わかったわ。大人しく空気を読んでデートの話をしてあげようじゃないの。
「彼の希望で土曜日は映画を観に行きました」
「あの漫画家の二人組が主人公のやつ?」
西嶋さんの問いに私は首を横に振る。
「洋画。殺し屋がドンパチする暴力的なの……正直デートには向いてませんね」
私はそんな感じの映画を見慣れてしまった――彼のせい――ので痛々しかったり猟奇的な描写に対する耐性があるけど、苦手な女子の方が圧倒的に多いだろう。
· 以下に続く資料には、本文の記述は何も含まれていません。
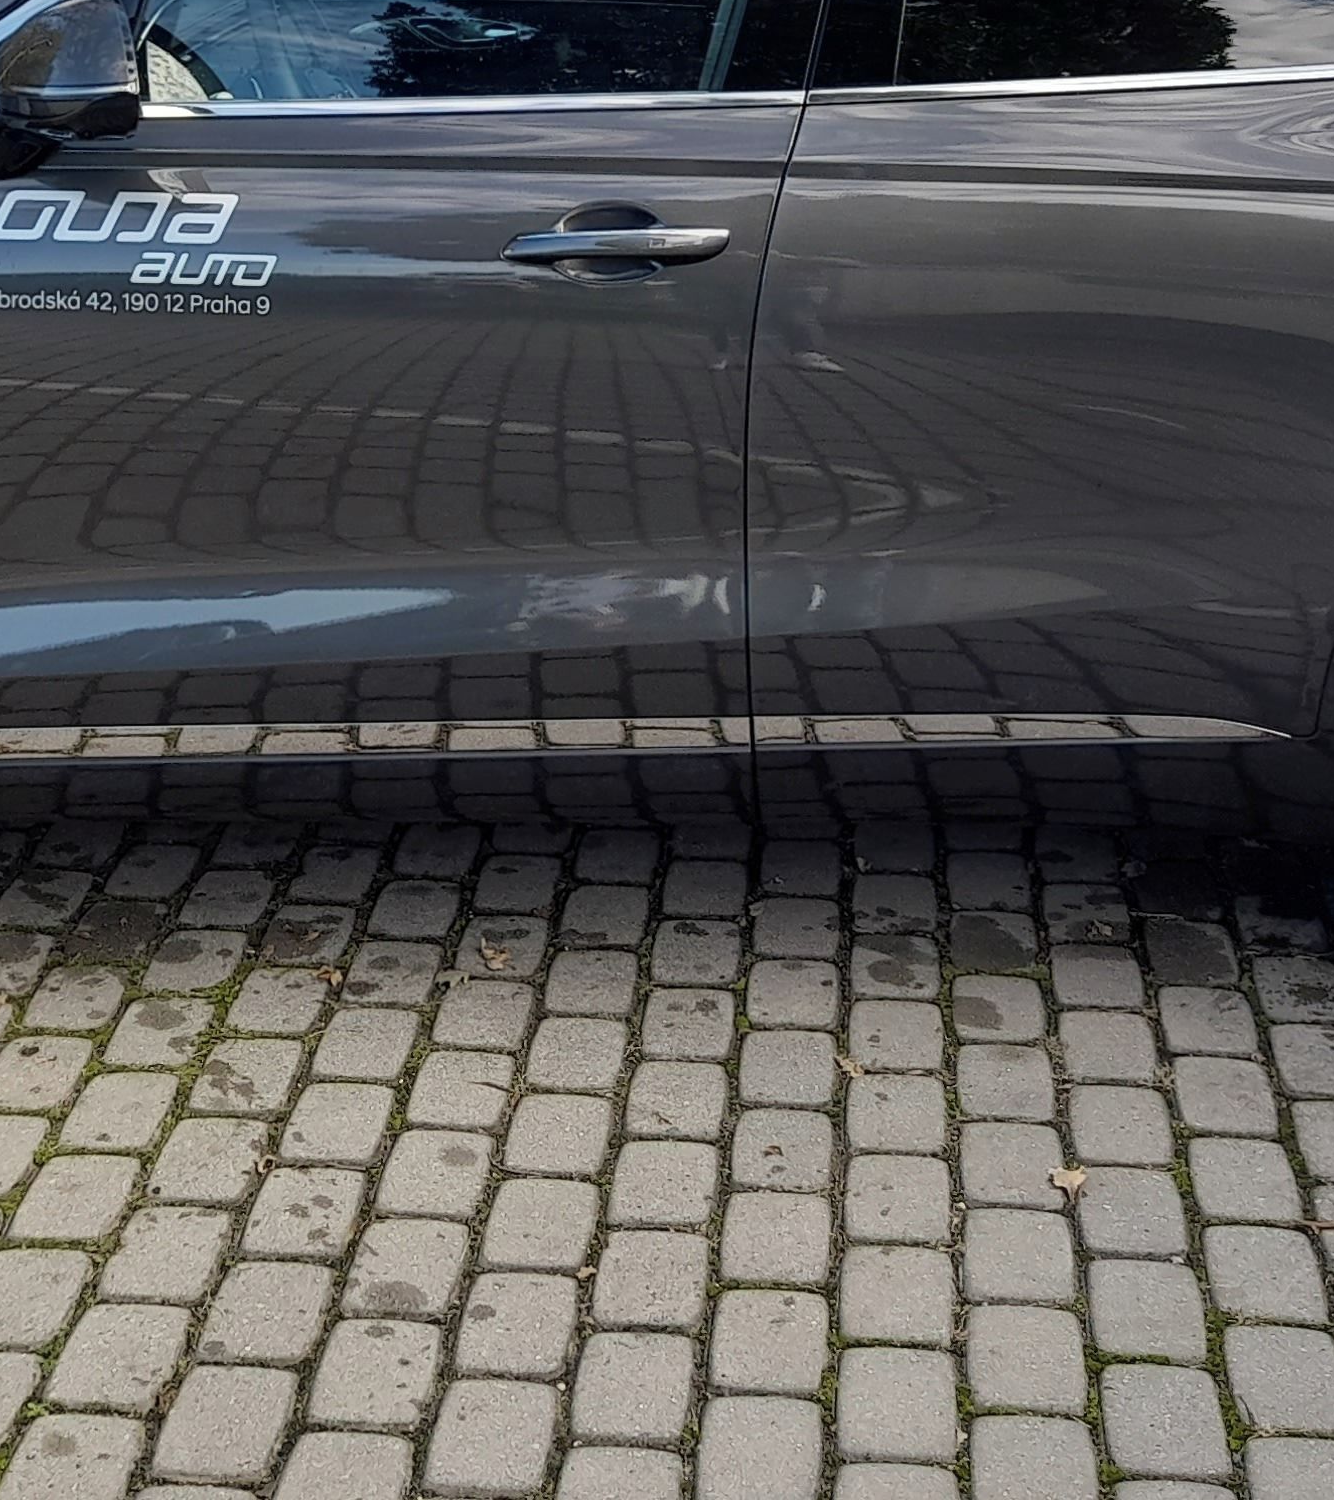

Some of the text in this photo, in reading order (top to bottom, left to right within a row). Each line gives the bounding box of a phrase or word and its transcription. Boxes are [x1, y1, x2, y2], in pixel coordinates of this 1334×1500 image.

[85, 292, 117, 314] 42,
[122, 293, 159, 312] 190
[164, 294, 184, 312] 12
[190, 295, 251, 314] Praha
[256, 296, 270, 315] 9
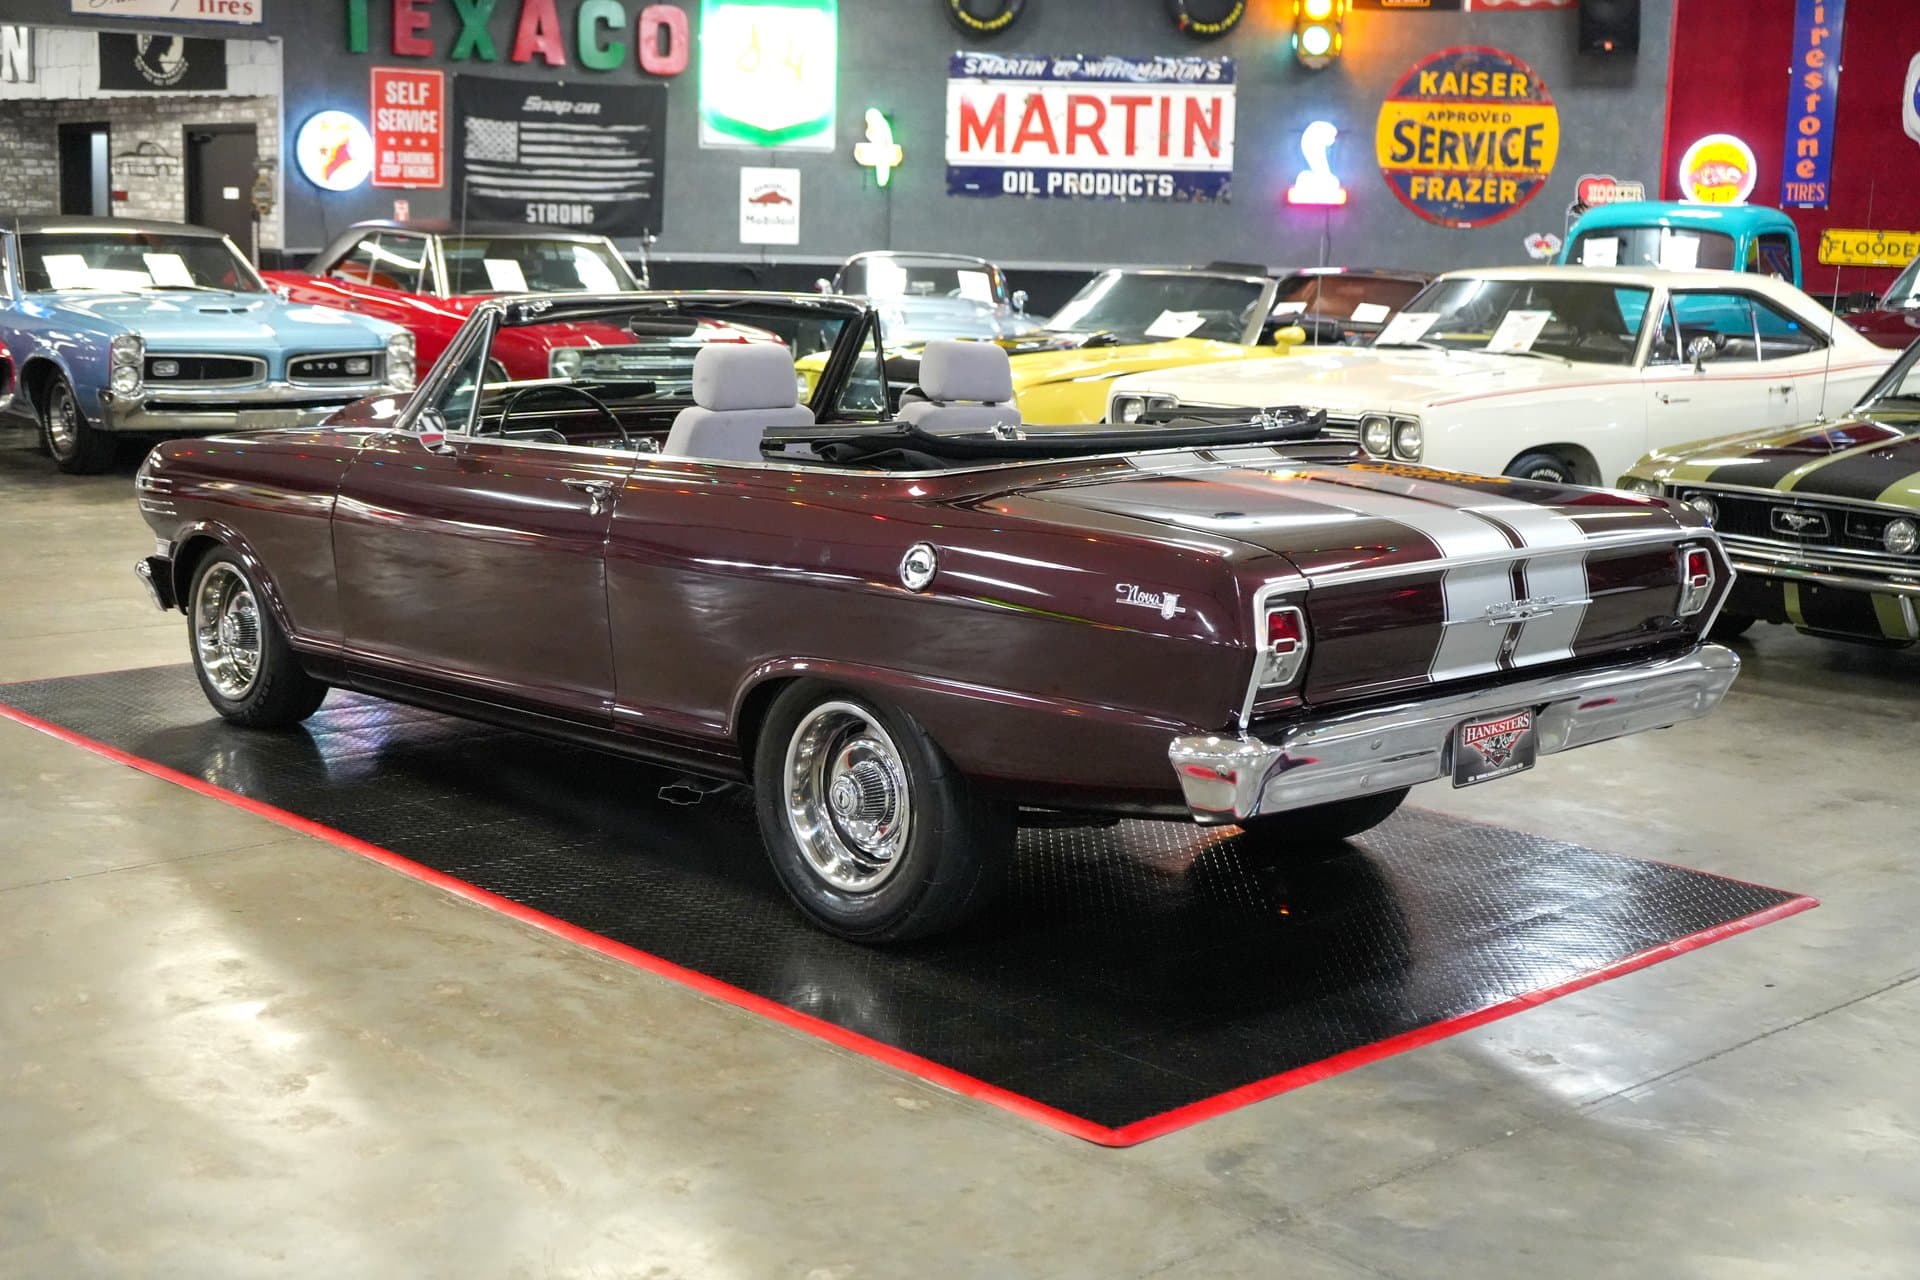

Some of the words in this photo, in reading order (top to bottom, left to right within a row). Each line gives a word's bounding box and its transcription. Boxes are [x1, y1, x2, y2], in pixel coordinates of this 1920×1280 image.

[964, 58, 1047, 76] SMARTIN
[1052, 60, 1080, 76] UP
[1084, 61, 1128, 78] WITH
[385, 80, 430, 105] SELF
[1419, 70, 1529, 97] KAISER
[1796, 0, 1830, 179] irestone
[521, 95, 601, 115] Snap-on
[1426, 110, 1512, 123] APPROVED
[378, 108, 438, 133] SERVICE
[958, 92, 1222, 159] MARTIN
[1390, 119, 1545, 168] SERVICE
[1002, 170, 1041, 194] OIL
[1047, 171, 1174, 197] PRODUCTS
[1410, 176, 1518, 204] FRAZER
[1785, 182, 1826, 202] TIRES
[526, 203, 595, 225] STRONG
[1828, 240, 1920, 258] FLOODE
[303, 362, 338, 370] GTO
[1115, 583, 1160, 606] Nova
[1466, 712, 1531, 744] HANKSTERS
彼の映画趣味を知っている長門さんは苦笑で済んでいるが、西嶋さんや佐伯さんは軽く引いている貌だ。
そんな他の娘たちと対照的なのが阪中さんで。
「あ、キアヌが主演のやつでしょ。あたしも観に行った。犬さんが酷い目に合う場面は辛かったけど、アクションがしっかりしてて面白かったのね」
頷きながら映画の感想を語る彼女は見かけによらずハードな映画好きらしい。
アクションの素晴らしさは彼も評価してたところで、銃の持ち方が実戦的だとか何だとか興奮した様子で語っていたけど、聞く方としては「あなたほんとの実戦知ってんの?」と言いたくもなる。
どこか呆れた声で佐伯さんは。
「佳実の意見は参考にならないから置いておくとして、映画の後は?」
「別にいつも通りですよ。感想戦がてらお昼ご飯と、ガーデンズをぶらついたって感じで」
「
絶賛彼氏募集中という佐伯さんは悔しさ半分羨ましさ半分といったリアクション。
私からすれば黎くんと付き合う前から度々そんな流れで土曜日曜を過ごしてきた訳で本当にいつも通りというか、デートそのものに特別感は無い。
が、実態としては大きな変化があった。
手を繋いで歩くのはもちろん、ご飯やデザートの食べさせっこ、多少のスキンシップは外でするのに抵抗が無い状態。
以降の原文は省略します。